> **Activity**
Exclude images, then output the remaining data verbatim.

────────────────────────────────────────

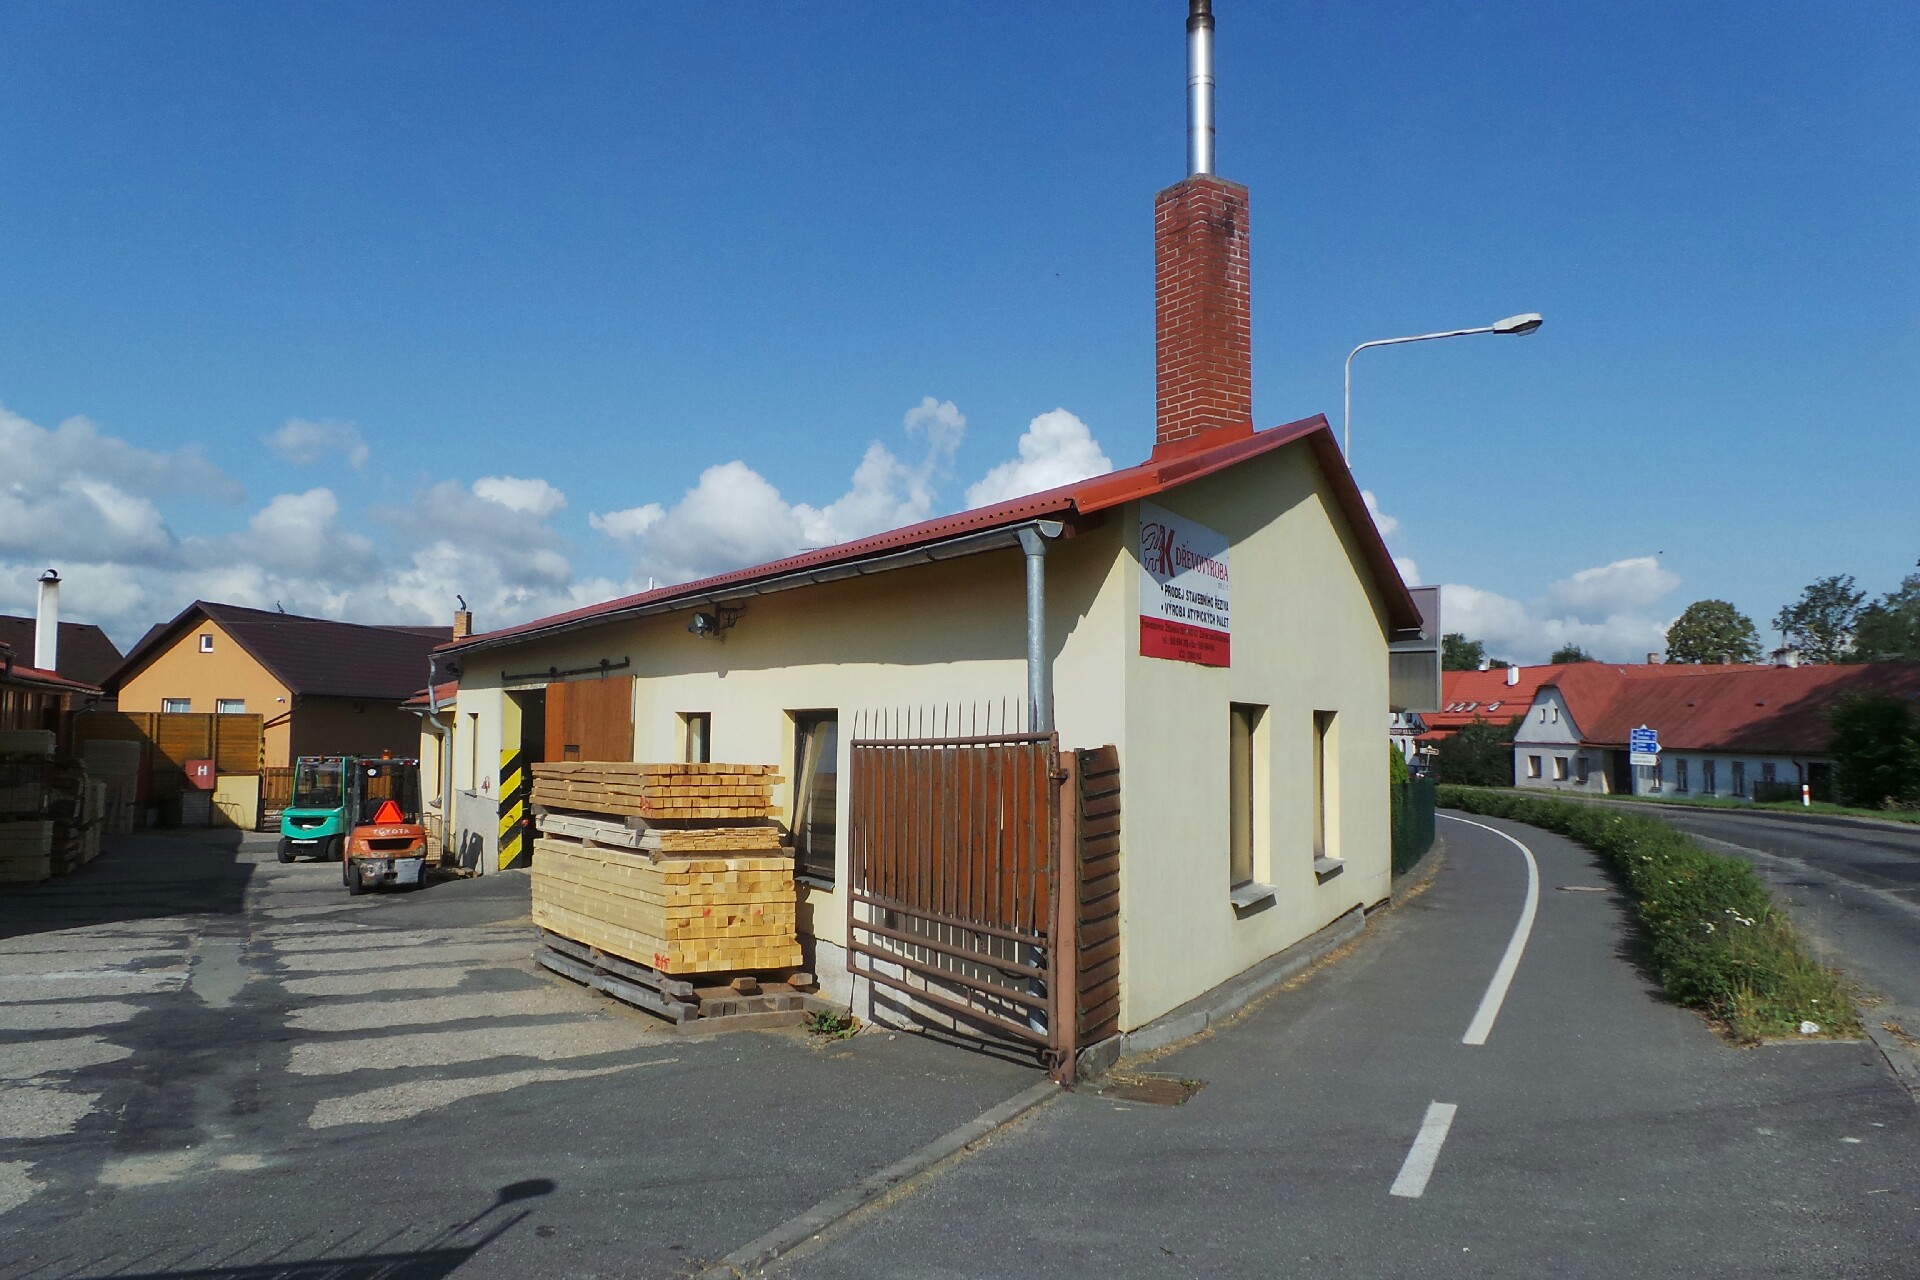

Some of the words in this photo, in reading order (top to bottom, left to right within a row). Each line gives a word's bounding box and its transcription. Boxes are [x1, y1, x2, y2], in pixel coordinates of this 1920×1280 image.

[1176, 542, 1228, 582] DŘEVOVÝROBA
[1164, 584, 1184, 600] PRODEJ
[1186, 590, 1213, 608] STAVEBNÍHO
[1164, 600, 1186, 617] VÝROBA
[1187, 608, 1215, 625] ATYPICKÝCH
[1217, 615, 1229, 628] PALET
[198, 765, 207, 775] H
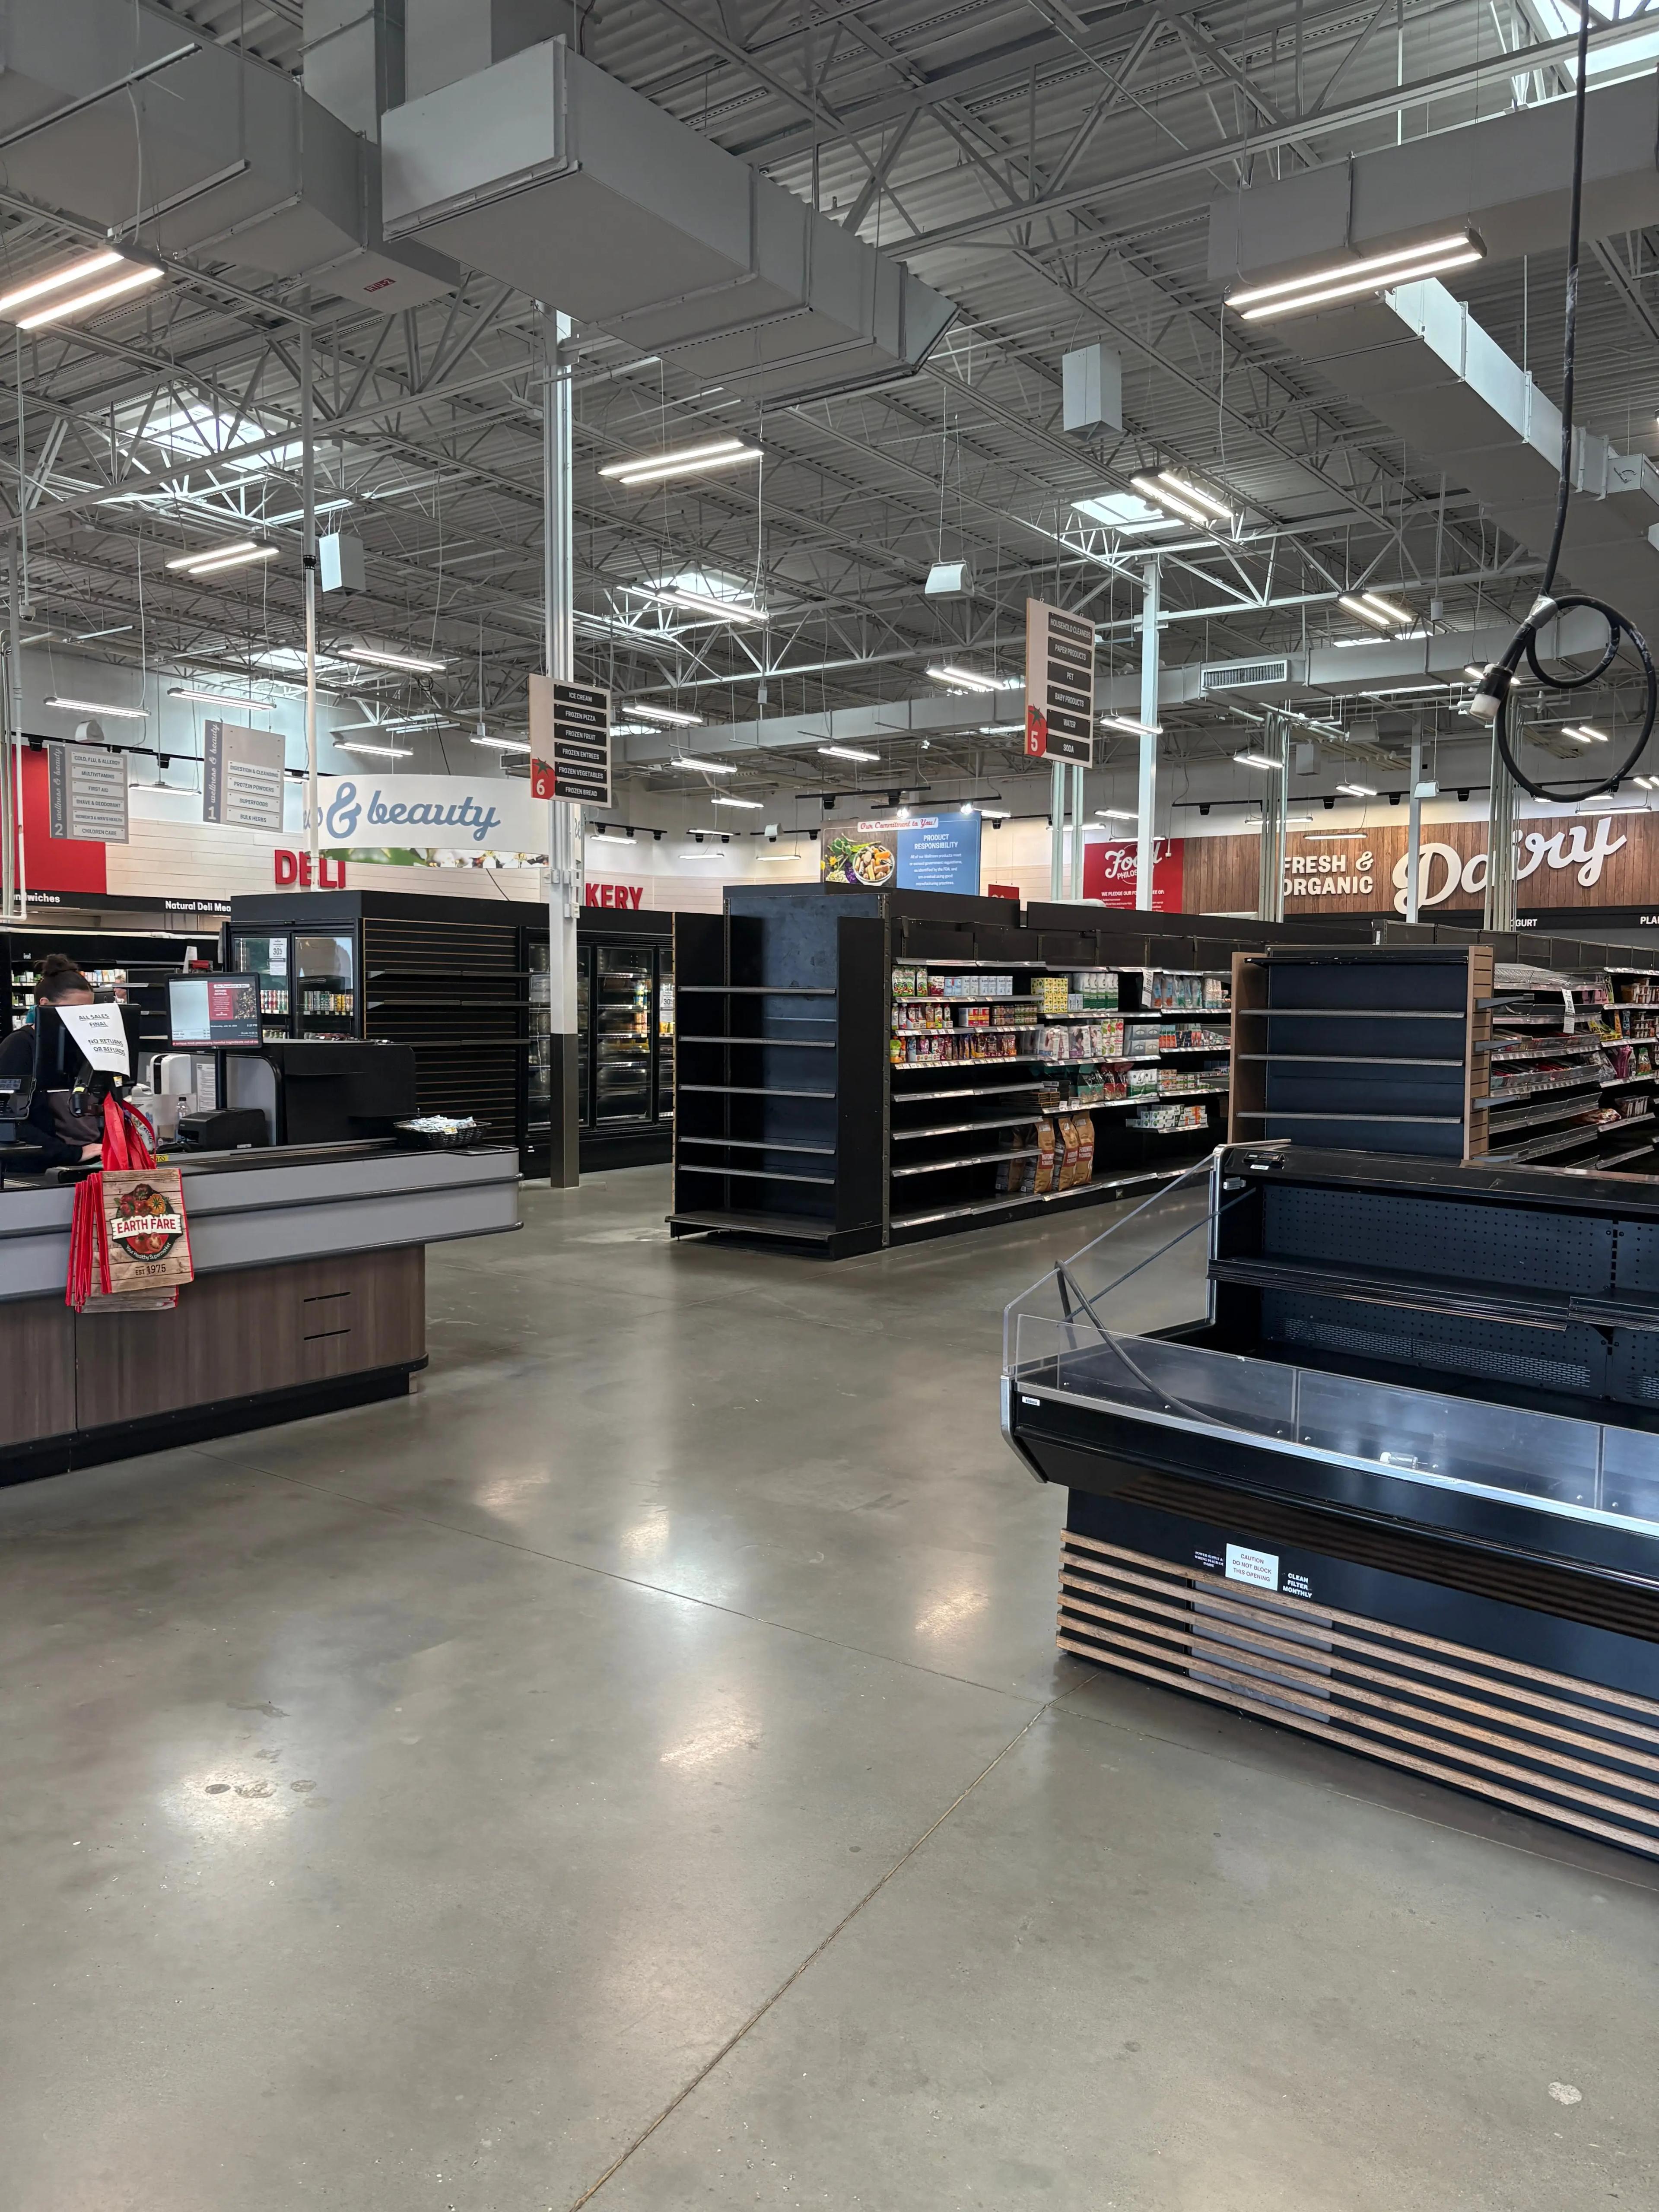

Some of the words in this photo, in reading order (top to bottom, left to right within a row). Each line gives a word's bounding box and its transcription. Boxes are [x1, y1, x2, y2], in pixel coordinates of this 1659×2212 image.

[366, 280, 392, 291] RTU-2
[1050, 618, 1072, 632] HOUSEHOLD
[1073, 625, 1090, 639] CLEANERS
[1055, 644, 1067, 654] PAPER
[1068, 648, 1086, 661] PRODUCTS
[577, 694, 592, 702] CREAM
[1055, 692, 1065, 702] BABY
[1065, 696, 1084, 707] PRODUCTS
[566, 711, 582, 719] FROZEN
[583, 714, 596, 722] PIZZA
[1063, 718, 1076, 728] WATER
[210, 724, 220, 754] beauty
[566, 730, 583, 738] FROZEN
[1031, 731, 1038, 751] 5
[563, 748, 579, 757] FROZEN
[580, 751, 599, 760] ENTREES
[1063, 744, 1074, 753] SODA
[54, 748, 63, 776] beauty
[209, 756, 216, 765] &
[256, 769, 278, 778] CLEANSING
[559, 767, 576, 775] FROZEN
[577, 769, 603, 779] VEGETABLES
[537, 779, 545, 795] 6
[566, 787, 582, 795] FROZEN
[239, 798, 268, 807] SUPERFOODS
[208, 806, 216, 820] 1
[327, 782, 361, 839] &
[367, 790, 501, 841] beauty
[55, 823, 63, 836] 2
[920, 819, 936, 828] You!
[1356, 851, 1374, 871] &
[1392, 817, 1627, 914] Dairy
[274, 849, 346, 888] DELI
[1283, 876, 1373, 896] ORGANIC
[586, 883, 643, 910] KERY
[165, 901, 196, 911] Natural
[198, 902, 213, 911] Deli
[215, 903, 231, 912] Mea
[117, 1219, 148, 1233] EARTH
[151, 1219, 176, 1229] FARE
[133, 1252, 149, 1261] Healthy
[149, 1243, 171, 1259] Supermarket
[146, 1264, 165, 1274] 1975
[1240, 1554, 1264, 1564] CAUTION
[1253, 1565, 1271, 1574] BLOCK
[1246, 1571, 1270, 1582] OPENING
[1288, 1573, 1308, 1583] CLEAN
[1287, 1580, 1308, 1590] FILTER
[1283, 1586, 1312, 1599] MONTHLY

────────────────────────────────────────

> **Solution to this problem**
Some of the words in this photo, in reading order (top to bottom, left to right within a row). Each line gives a word's bounding box and its transcription. Boxes are [x1, y1, x2, y2], in pixel coordinates of this 1920×1280 image.

[1176, 542, 1228, 582] DŘEVOVÝROBA
[1164, 584, 1184, 600] PRODEJ
[1186, 590, 1213, 608] STAVEBNÍHO
[1164, 600, 1186, 617] VÝROBA
[1187, 608, 1215, 625] ATYPICKÝCH
[1217, 615, 1229, 628] PALET
[198, 765, 207, 775] H

Some of the words in this photo, in reading order (top to bottom, left to right within a row). Each line gives a word's bounding box and its transcription. Boxes are [x1, y1, x2, y2], in pixel coordinates of this 1659×2212 image.

[366, 280, 392, 291] RTU-2
[1050, 618, 1072, 632] HOUSEHOLD
[1073, 625, 1090, 639] CLEANERS
[1055, 644, 1067, 654] PAPER
[1068, 648, 1086, 661] PRODUCTS
[577, 694, 592, 702] CREAM
[1055, 692, 1065, 702] BABY
[1065, 696, 1084, 707] PRODUCTS
[566, 711, 582, 719] FROZEN
[583, 714, 596, 722] PIZZA
[1063, 718, 1076, 728] WATER
[210, 724, 220, 754] beauty
[566, 730, 583, 738] FROZEN
[1031, 731, 1038, 751] 5
[563, 748, 579, 757] FROZEN
[580, 751, 599, 760] ENTREES
[1063, 744, 1074, 753] SODA
[54, 748, 63, 776] beauty
[209, 756, 216, 765] &
[256, 769, 278, 778] CLEANSING
[559, 767, 576, 775] FROZEN
[577, 769, 603, 779] VEGETABLES
[537, 779, 545, 795] 6
[566, 787, 582, 795] FROZEN
[239, 798, 268, 807] SUPERFOODS
[208, 806, 216, 820] 1
[327, 782, 361, 839] &
[367, 790, 501, 841] beauty
[55, 823, 63, 836] 2
[920, 819, 936, 828] You!
[1356, 851, 1374, 871] &
[1392, 817, 1627, 914] Dairy
[274, 849, 346, 888] DELI
[1283, 876, 1373, 896] ORGANIC
[586, 883, 643, 910] KERY
[165, 901, 196, 911] Natural
[198, 902, 213, 911] Deli
[215, 903, 231, 912] Mea
[117, 1219, 148, 1233] EARTH
[151, 1219, 176, 1229] FARE
[133, 1252, 149, 1261] Healthy
[149, 1243, 171, 1259] Supermarket
[146, 1264, 165, 1274] 1975
[1240, 1554, 1264, 1564] CAUTION
[1253, 1565, 1271, 1574] BLOCK
[1246, 1571, 1270, 1582] OPENING
[1288, 1573, 1308, 1583] CLEAN
[1287, 1580, 1308, 1590] FILTER
[1283, 1586, 1312, 1599] MONTHLY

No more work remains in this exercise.